Tout ce qui s’ensuit est expliqué point par point par l’auteur : le philistinisme des intellectuels (avec un bon rappel quant à l’usage du terme), la différence entre la société de masse et la culture de masse (là encore, il clarifie les choses pour un lecteur pressé), notamment. La plupart des caractères qui peignent l’homme de la société de masse sont déjà présents en l’homme de la société moderne. Dans la société de masse, l’homme est voué à l’abandon et l’excitabilité, la consommation et l’égocentrisme. Il est abandonné aux processus et aux mécanismes de la société. En elle, les populations sont certes désormais intégrées à la prospérité commune. Elles sont incorporées au processus social et participent au renouvellement des forces vives de la société. Mais, s’il s’agit d’une émancipation, elle a aussi des effets pervers. Tout le monde est inclus dans le processus de croissance, mais l’intégration de tous, sans exception, aux mécanismes sociaux qui entretiennent le processus vital, rend plus délétères les carences de la société moderne transposées telles quelles dans la société de masse. Au cœur de ces sociétés, la banalisation des objets culturels ne cesse de s’étendre. Dans le contexte de la massification, l’objet de culture perd son statut de marqueur social. Il se dévalue pour devenir un simple bien de consommation.

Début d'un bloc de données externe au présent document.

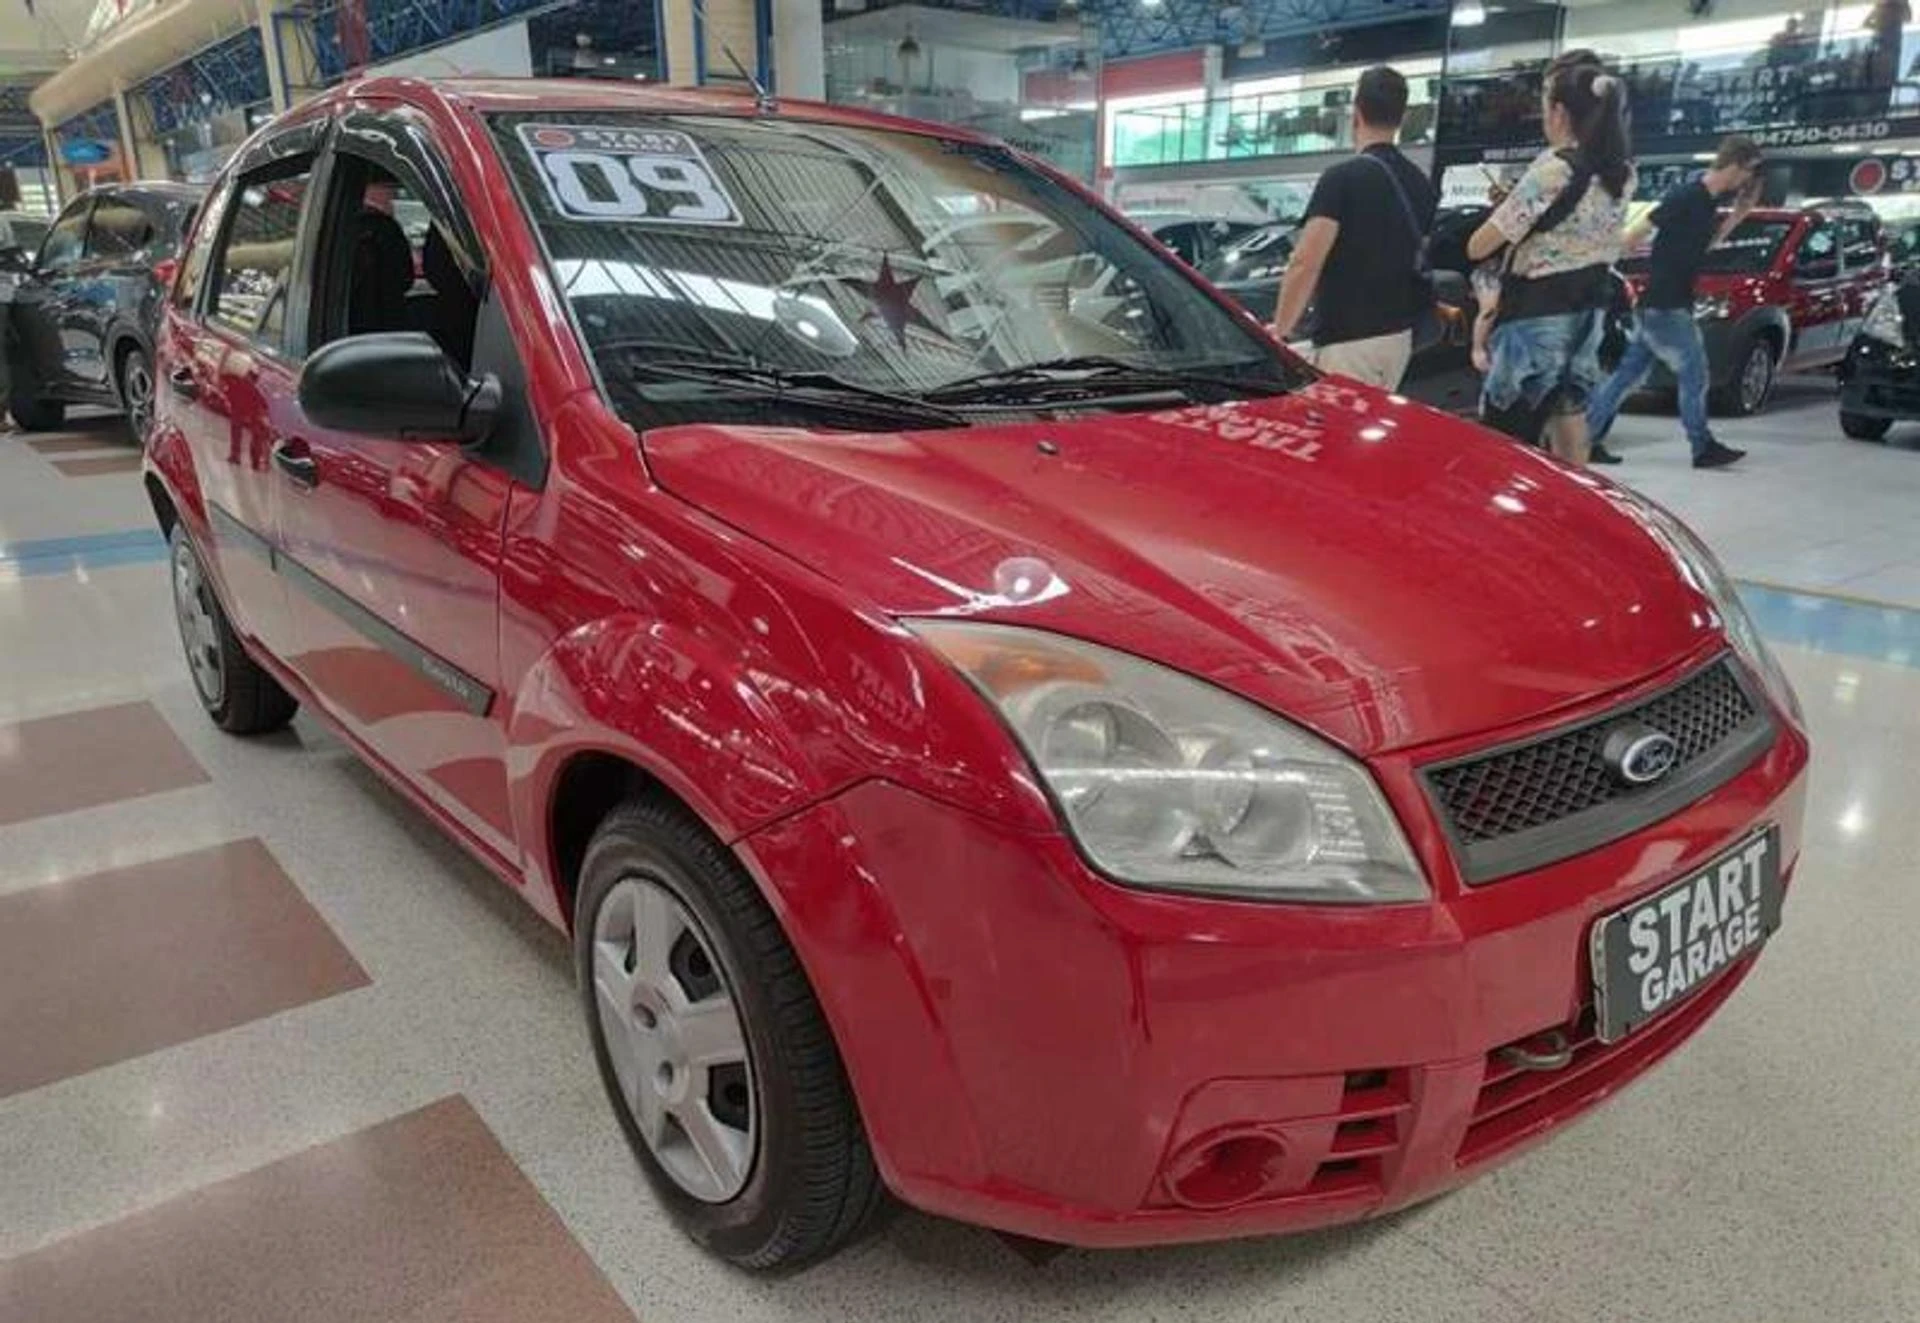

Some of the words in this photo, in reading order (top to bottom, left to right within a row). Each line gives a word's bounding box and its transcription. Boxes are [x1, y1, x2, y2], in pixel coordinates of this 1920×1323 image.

C’est ici que le texte de Arendt prend une autre orientation. L’entrée dans la seconde partie du texte montre d’emblée qu’une perspective nouvelle vient se confronter à la première analyse. Arendt repart maintenant de la définition, romaine, du terme culture (et des rapports entre Romains et Grecs autour de cette question ; ce point étant bien mis en valeur par l’auteur). Voilà qui lui permet de montrer que la culture n’est pas, comme on l’entend de nos jours, réductible aux productions culturelles auxquelles un peuple peut s’identifier. Ces productions à vocation identitaire ne relèvent pas de la culture, au sens de Arendt. La culture correspond plus exactement à la relation qu’entretient le spectateur avec les composantes du monde que sont les œuvres de l’homme. C’est par le spectateur et non par l’artiste qu’il y a culture. La culture est affaire de perspective prise sur les œuvres par ceux qui ne les considèrent qu’une fois achevées. Et c’est l’entrecroisement des perspectives des spectateurs qui donne au monde son existence.

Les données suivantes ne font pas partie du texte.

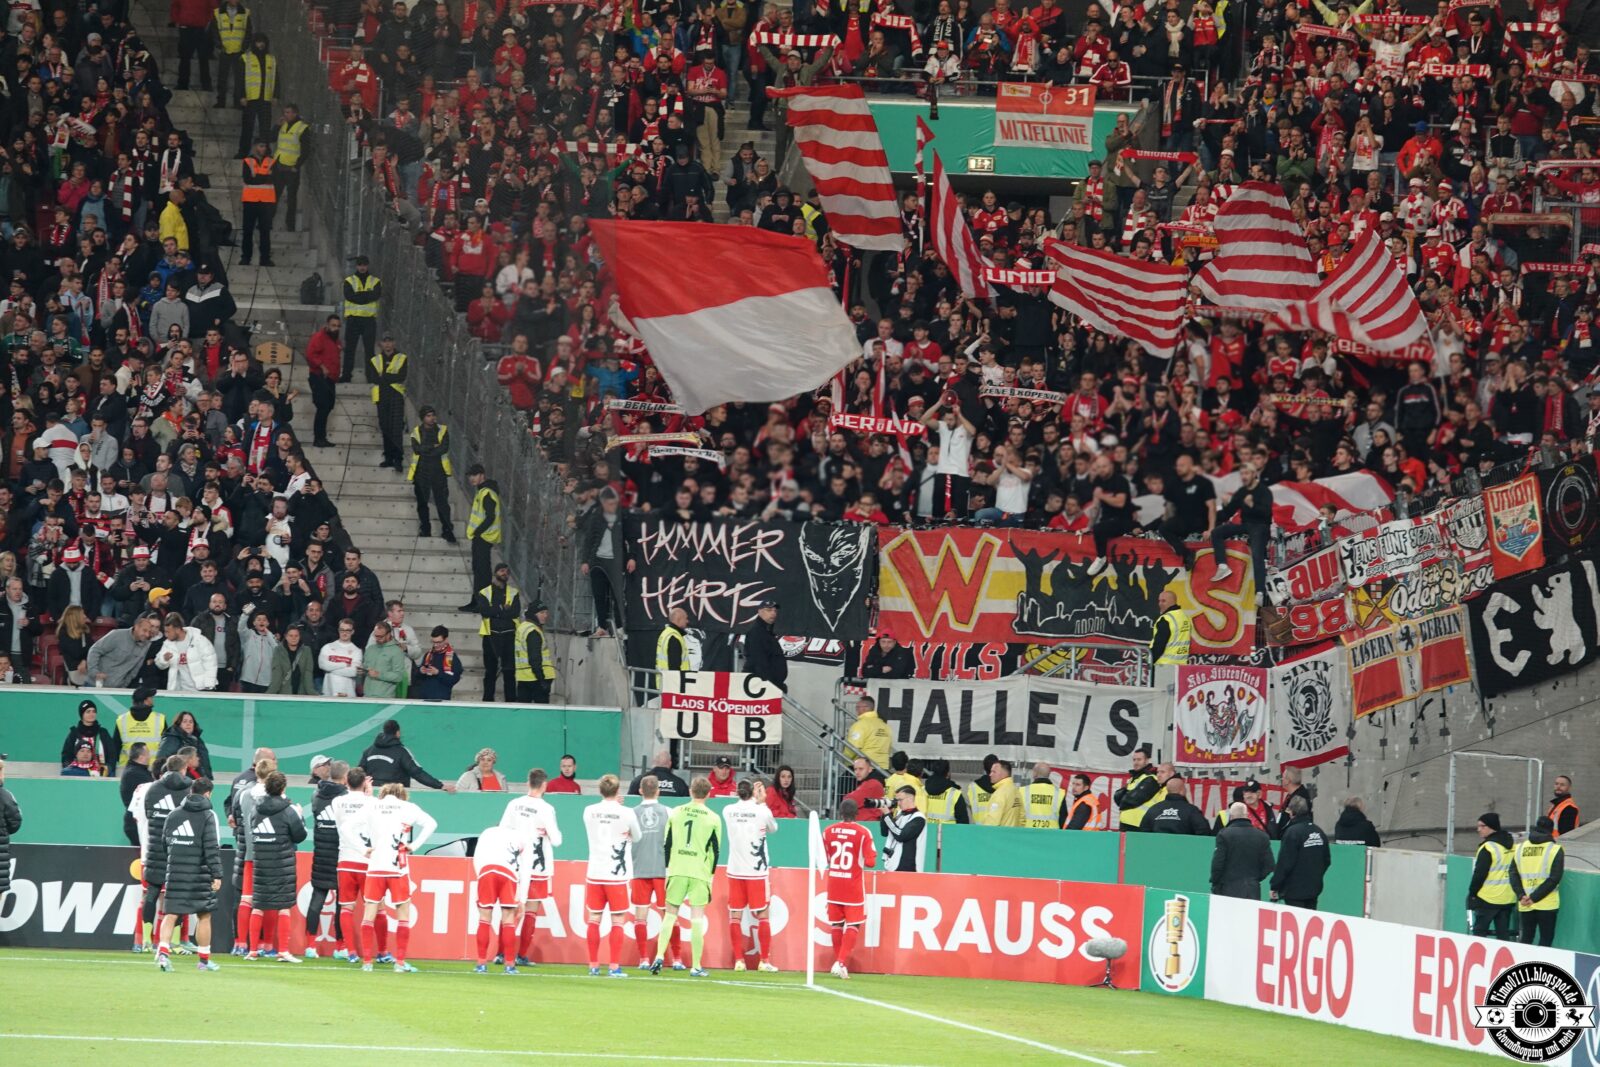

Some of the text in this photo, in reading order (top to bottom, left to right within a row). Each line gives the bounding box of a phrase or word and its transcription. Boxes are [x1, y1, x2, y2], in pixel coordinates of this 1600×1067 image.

C’est alors qu’Arendt entreprend ces analyses qui sont devenues célèbres et qui consistent à relier la question du jugement esthétique à celle du jugement politique. Relisant chez Thucydide, les propos de Périclès portant sur la vertu du citoyen grec, Arendt construit cette parenté entre la beauté et l’activité politique. Commentaire de l’auteur : « Les conditions de l’activité politique sont à ce point semblables à celles de la culture qu’on pourrait presque lier cette dernière à l’existence d’une république des spectateurs qui serait l’exacte pendant de la république des citoyens » (p. 123). Il a toutefois bien raison d’insister sur les deux éléments qui permettent les rapprochements :

1) L’activité politique et l’activité culturelle se déploient dans un espace public au sein duquel les hommes sont en relation avec les éléments constitutifs du monde commun. De ce fait, l’élément commun à l’art et à la politique est que tous deux sont des phénomènes du monde public.

2) Les deux activités s’ancrent dans le jugement. Le jugement n’est pas arbitraire, il met en œuvre un discernement.

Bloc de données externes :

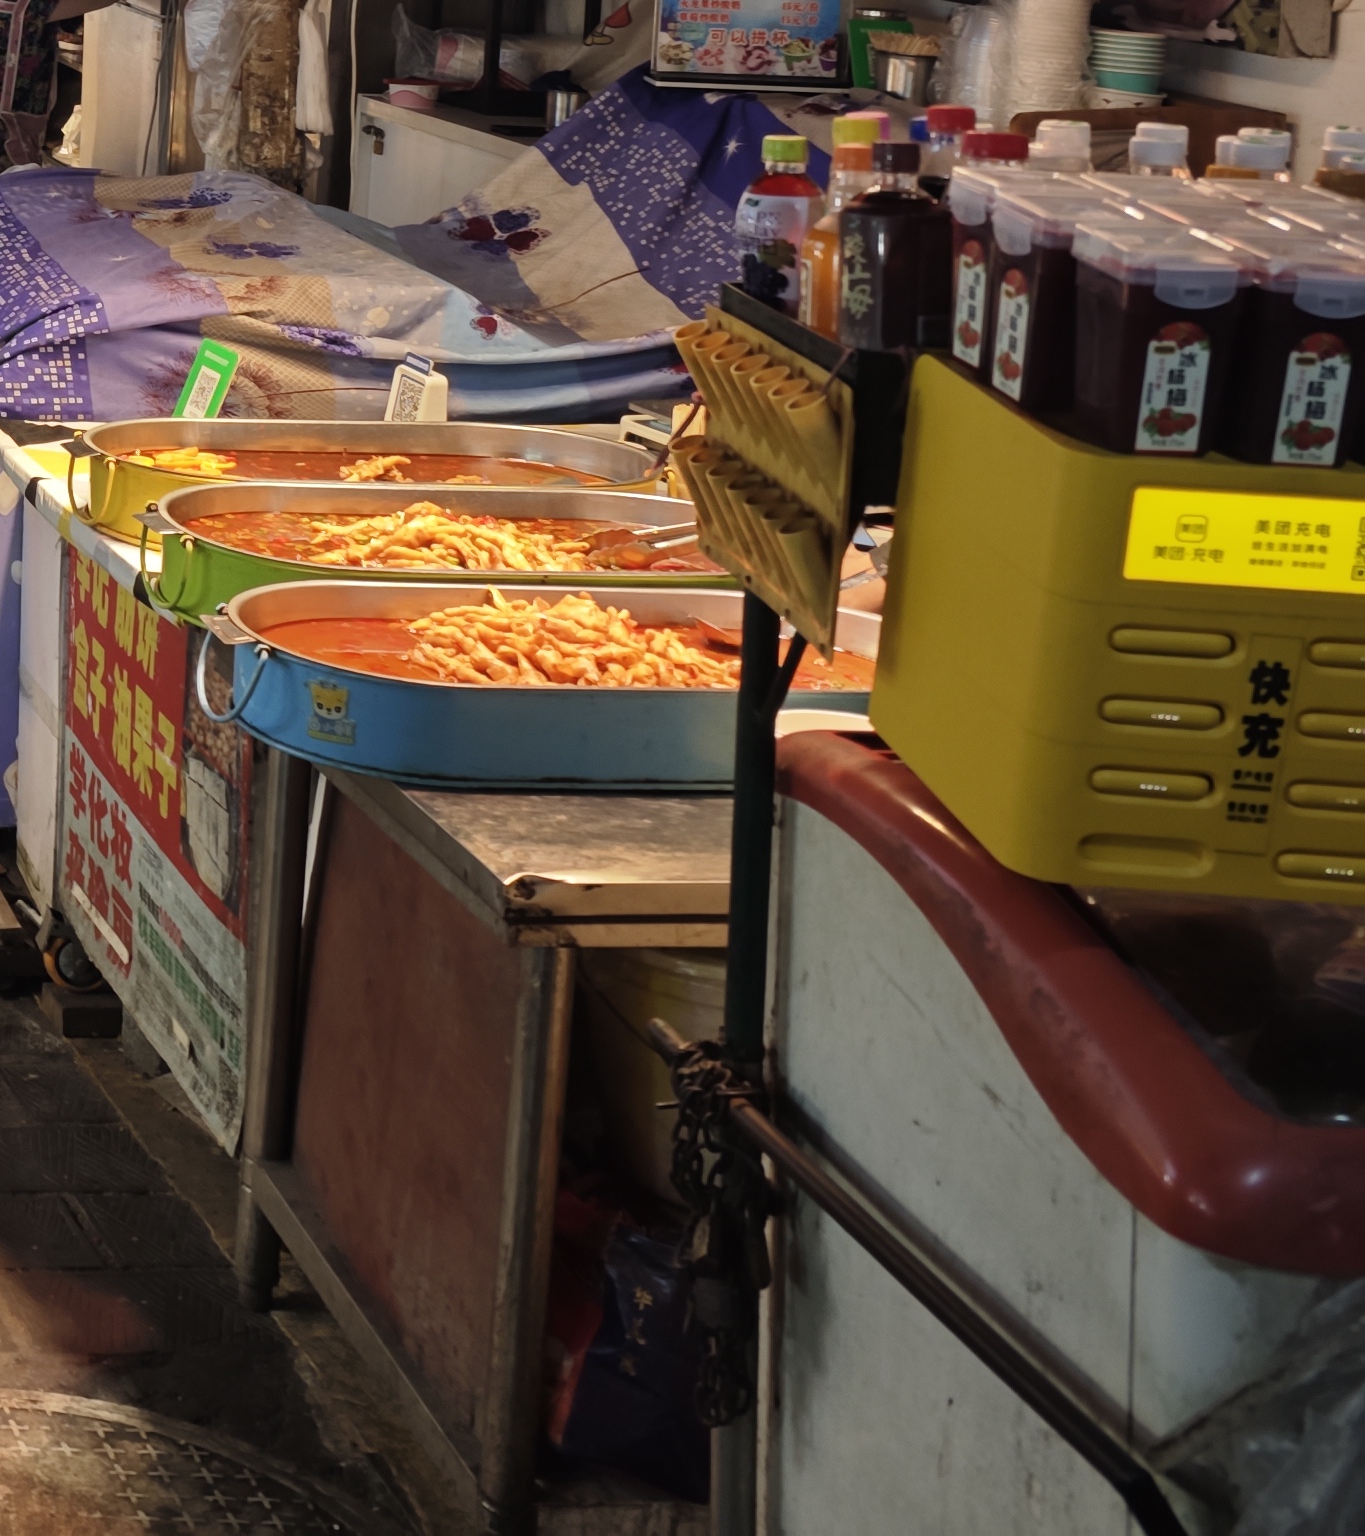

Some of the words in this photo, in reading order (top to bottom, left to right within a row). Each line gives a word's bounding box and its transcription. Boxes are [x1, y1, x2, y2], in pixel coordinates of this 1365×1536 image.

[709, 29, 790, 46] 可以拼杯
[1254, 519, 1332, 538] 美团充电
[1238, 660, 1292, 760] 快充

Dans cette affaire du jugement, voici ce qui se joue : Arendt appelle jugement une proposition énoncée en tenant compte de la pensée des autres. Même si on juge seul, le jugement doit exiger la possibilité de l’accord des autres. « Juger, c’est se prononcer toujours dans les limites de ce qui est susceptible de susciter l’accord de tous les autres » (p. 134). En cela, il est bien question de politique, d’une faculté proprement politique, qui contribuerait à voir les choses non seulement d’un point de vue personnel, mais dans la perspective de tous ceux qui se trouvent présents. Le jugement devient bien l’une des facultés fondamentales de l’homme comme être politique (p. 136).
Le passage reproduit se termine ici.